US Presidential Funny or Strange Nicknames – Some Funny Nicknames of Presidents Washington through Tyler
Strange or Funny Nicknames of Presidents: Washington through Tyler (our first ten Presidents)
George Washington – American Cincinnatus
John Adams – His Rotundity, The Duke of Braintree
Thomas Jefferson – Mad Tom
James Madison – His Little Majesty, Little Jemmy
James Monroe – The Last Cocked Hat
John Quincy Adams – Old Man Eloquent, King John II
Andrew Jackson – Sharp Knife, King Andrew
Martin Van Buren – The Little Magician, Red Fox of Kinderhook, The Mistletoe Politician
William Henry Harrison – Old Tippecanoe, Granny Harrison, General Mum
John Tyler – His Accidency
Thomas Jefferson Silly Stories and Quotes
One day Jefferson was traveling. He went on horseback. That was a common way of traveling at that time. He stopped at a country tavern. At this tavern he talked with a stranger who was staying there. After a while Jefferson rode away. Then the stranger said to the landlord, "Who is that man? He knew so much about law, that I was sure he was a lawyer. But when we talked about medicine, he knew so much about that, that I thought he must be a doctor. And after a while he seemed to know so much about religion, that I was sure he was a minister. Who is he?" The stranger was very much surprised to hear that the man he had talked with was Thomas Jefferson.
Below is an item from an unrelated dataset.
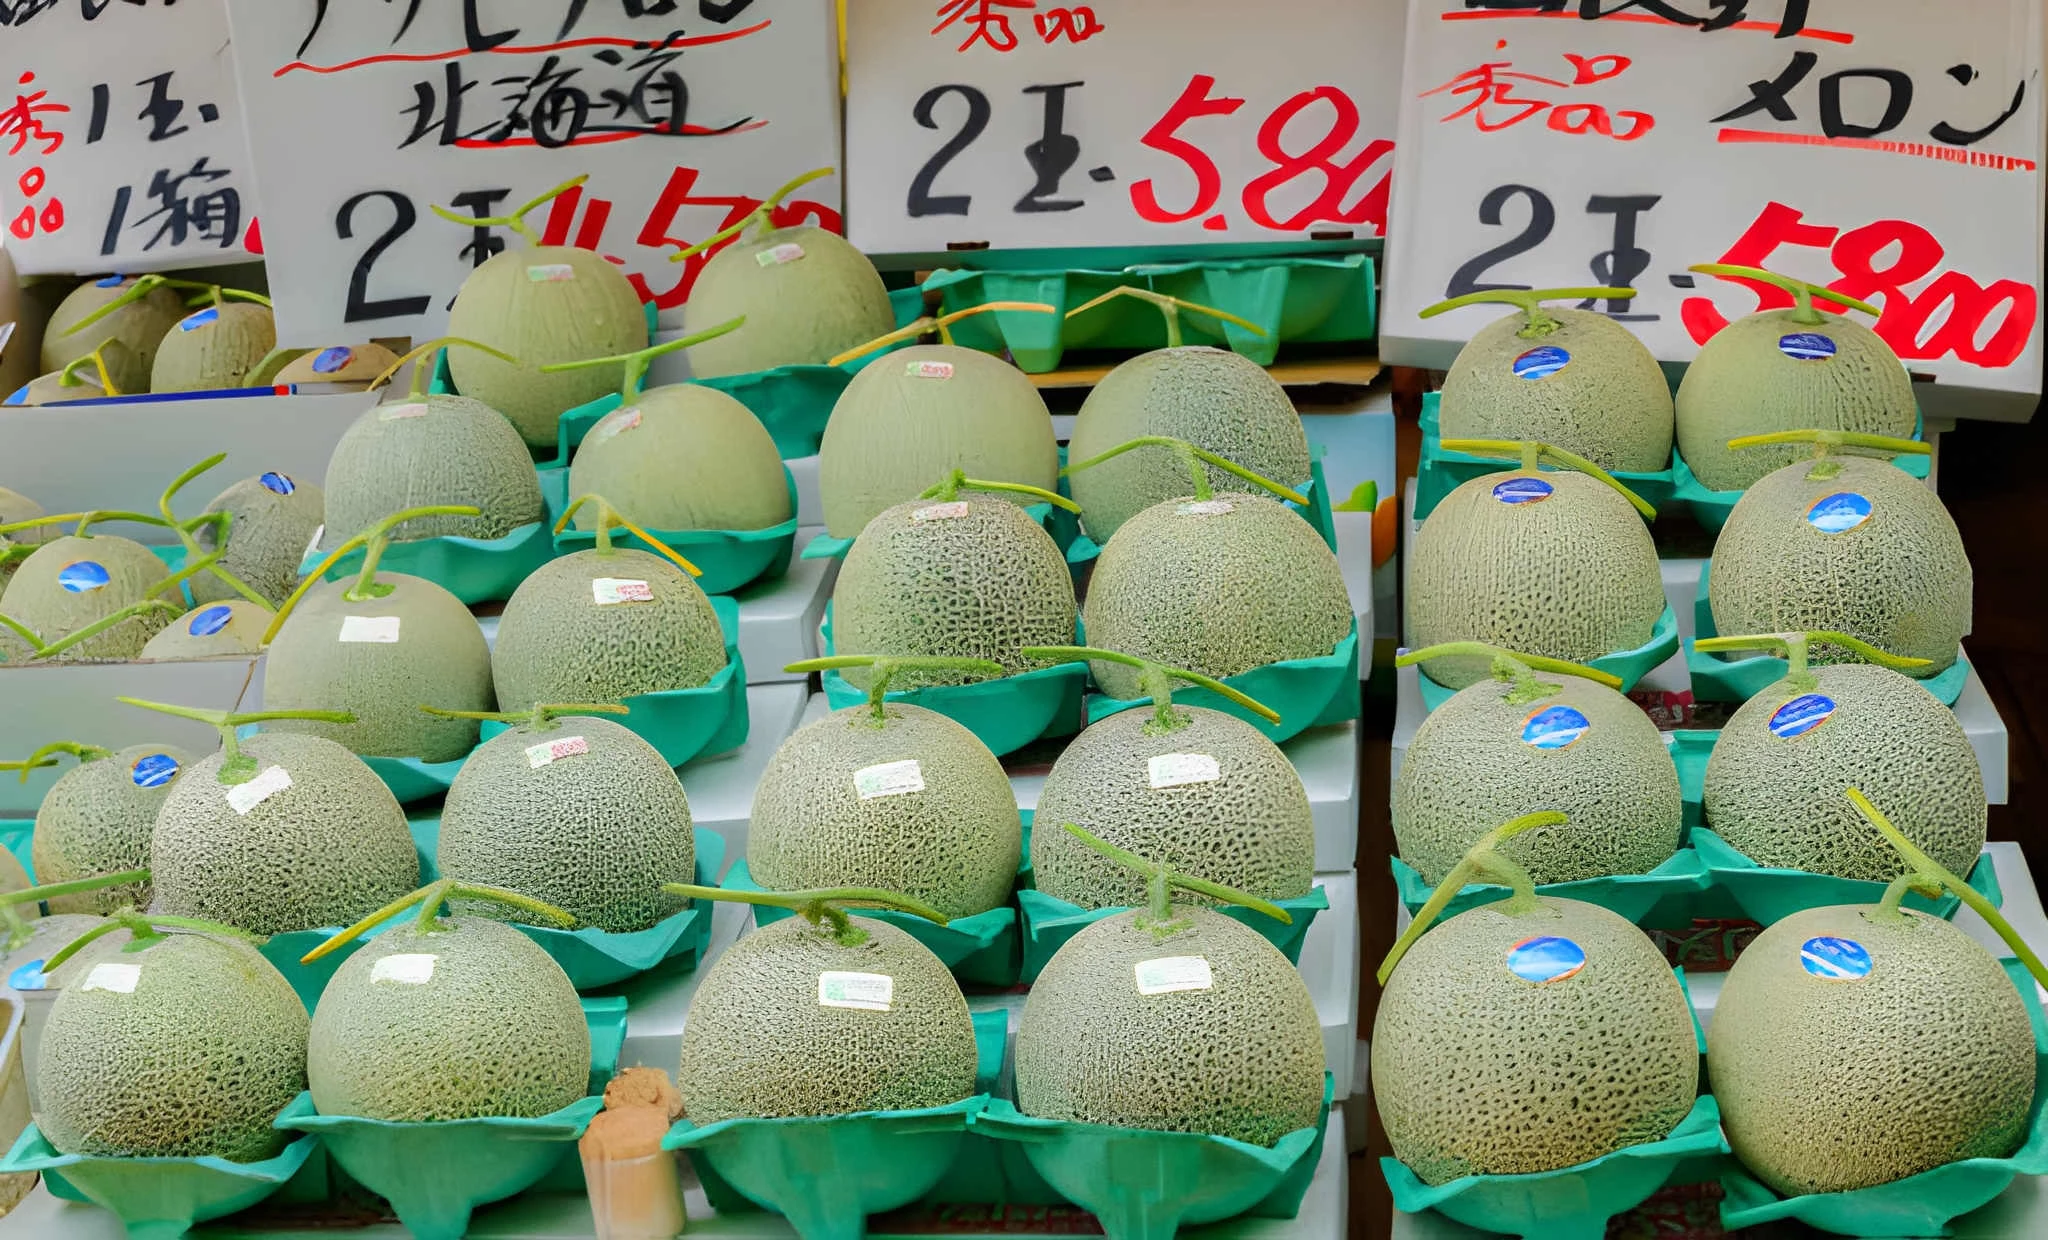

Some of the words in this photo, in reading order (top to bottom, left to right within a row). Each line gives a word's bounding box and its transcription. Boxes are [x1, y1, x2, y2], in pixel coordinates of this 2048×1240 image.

(Family Books and CDs, http://www.familybooksandcds.com/kid-story-stories-about-thomas-jefferson.html, Stories About Jefferson: A Children’s Story About Thomas Jefferson)
He (Thomas Jefferson) had very bad posture and had a tendency to wear clothes that many felt were unfitting for a man of his stature. He usually wore a worn brown coat, red waistcoat, corduroy breeches, wool hose, and a pair of carpet slippers without heels. He almost sparked an international incident when he accidentally insulted the British ambassador by received him while wearing informal clothes. He also started the presidential tradition of shaking hands with visitors instead of bowing."
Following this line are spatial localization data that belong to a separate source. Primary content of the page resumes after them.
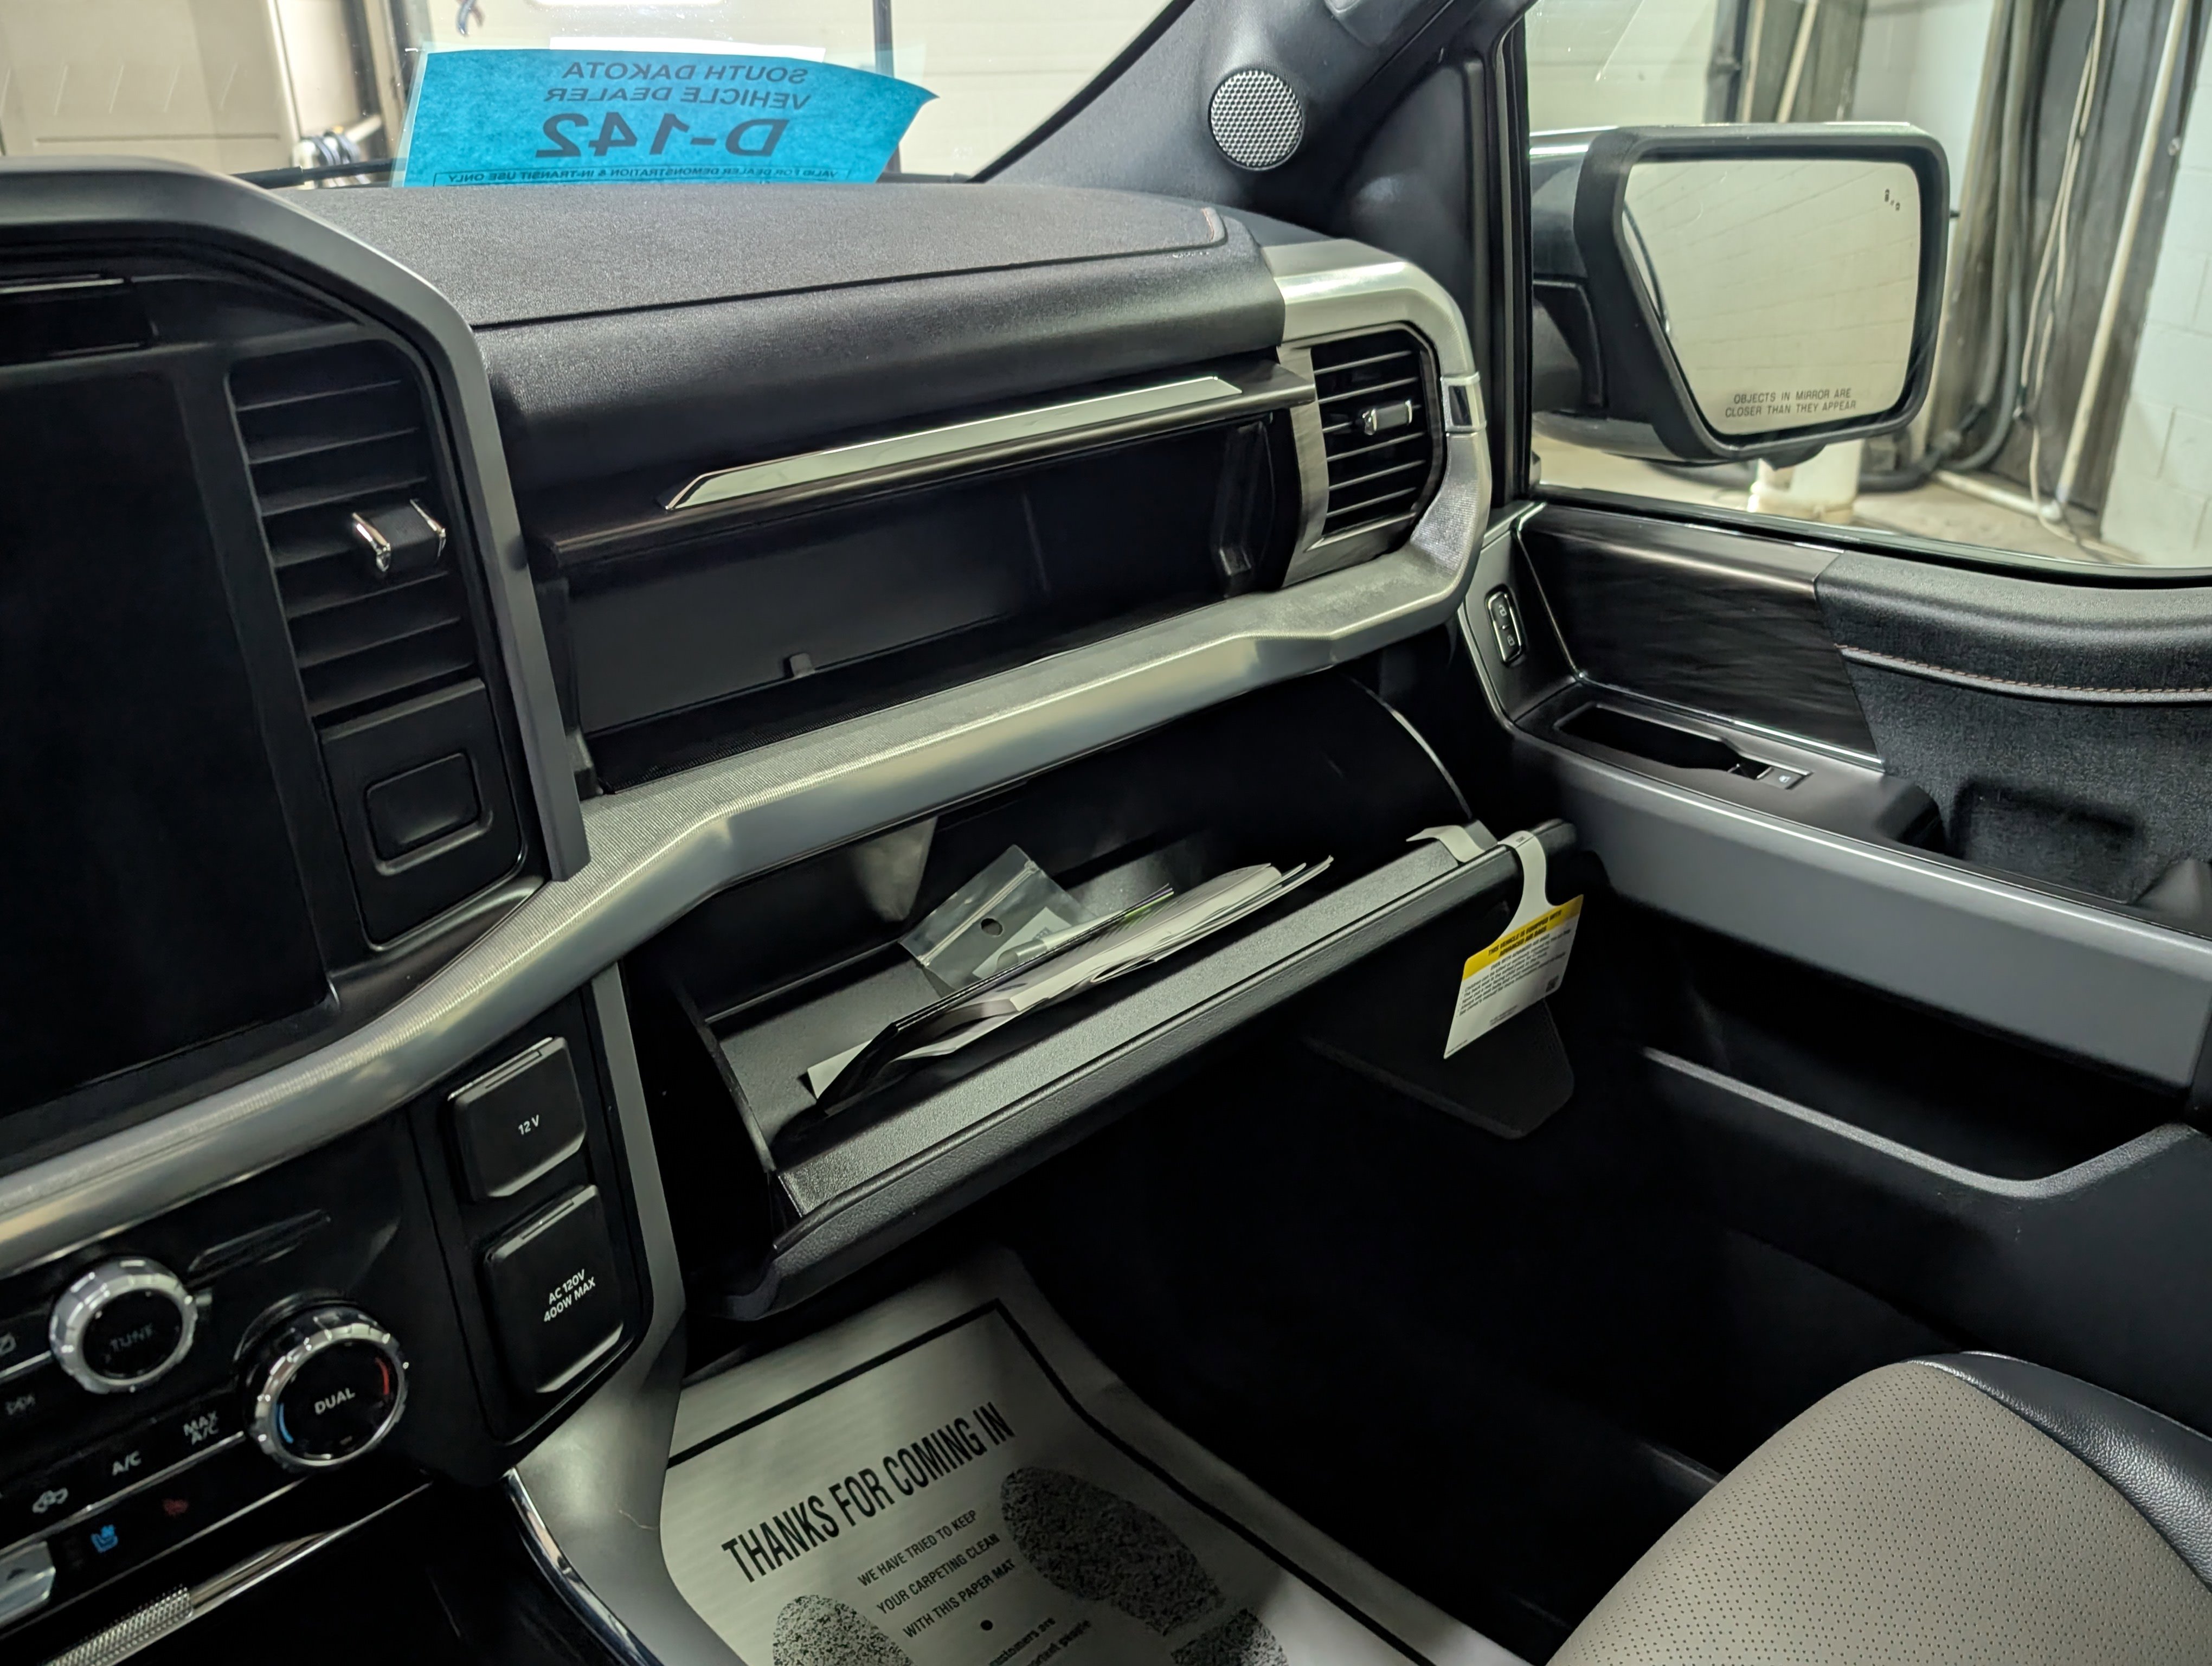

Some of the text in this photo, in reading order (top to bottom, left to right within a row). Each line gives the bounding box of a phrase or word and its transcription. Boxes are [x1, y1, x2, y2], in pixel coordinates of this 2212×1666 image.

[1725, 400, 1857, 418] CLOSER THAN THEY APPEAR
[1733, 387, 1851, 405] OBJECTS IN MIRROR ARE
[518, 1114, 539, 1136] 12 V
[544, 1276, 596, 1322] 400W MAX
[549, 1268, 585, 1305] AC 120V
[314, 1388, 356, 1414] DUAL
[183, 1411, 218, 1437] MAX
[191, 1424, 219, 1445] A/C
[112, 1450, 142, 1476] A/C
[721, 1401, 1016, 1583] THANKS FOR COMING IN
[857, 1509, 976, 1586] WE HAVE TRIED TO KEEP
[876, 1533, 1000, 1614] YOUR CARPETING CLEAN
[902, 1558, 1015, 1638] WITH THIS PAPER MAT
(Top Tenz, http://www.toptenz.net/top-10-facts-about-thomas-jefferson.php, Top 10 Interesting Facts about Thomas Jefferson; #5 Thomas Jefferson was a very casual person)
John F. Kennedy held a dinner in the White House for a group of the brightest minds in the nation at that time. He made this statement: "This is perhaps the assembly of the most intelligence ever to gather at one time in the White House with the exception of when Thomas Jefferson dined alone."
All right. Listen to me. This fellow they've nominated claims he's the new Thomas Jefferson. Well, let me tell you something. I knew Thomas Jefferson. He was a friend of mine. And, governor, you're no Thomas Jefferson.
(Ronald Reagan, August 17, 1992)
I tremble for my country when I reflect that God is just; that his justice cannot sleep forever.
George Washington Jokes, Stories & Tidbits
Little Suzy once asked her mother, "Do people who never tell lies go to heaven?" "Yes, her mother answered. "They are the only ones." "Gosh, I bet it's lonesome up there with just God and George Washington," said Suzy.
(101 President Jokes, Melvin Berger, © 1990, Scholastic Inc., ISBN-13: 978-0-545-1033-4, ISBN-10: 0-545-11033-5, page 3)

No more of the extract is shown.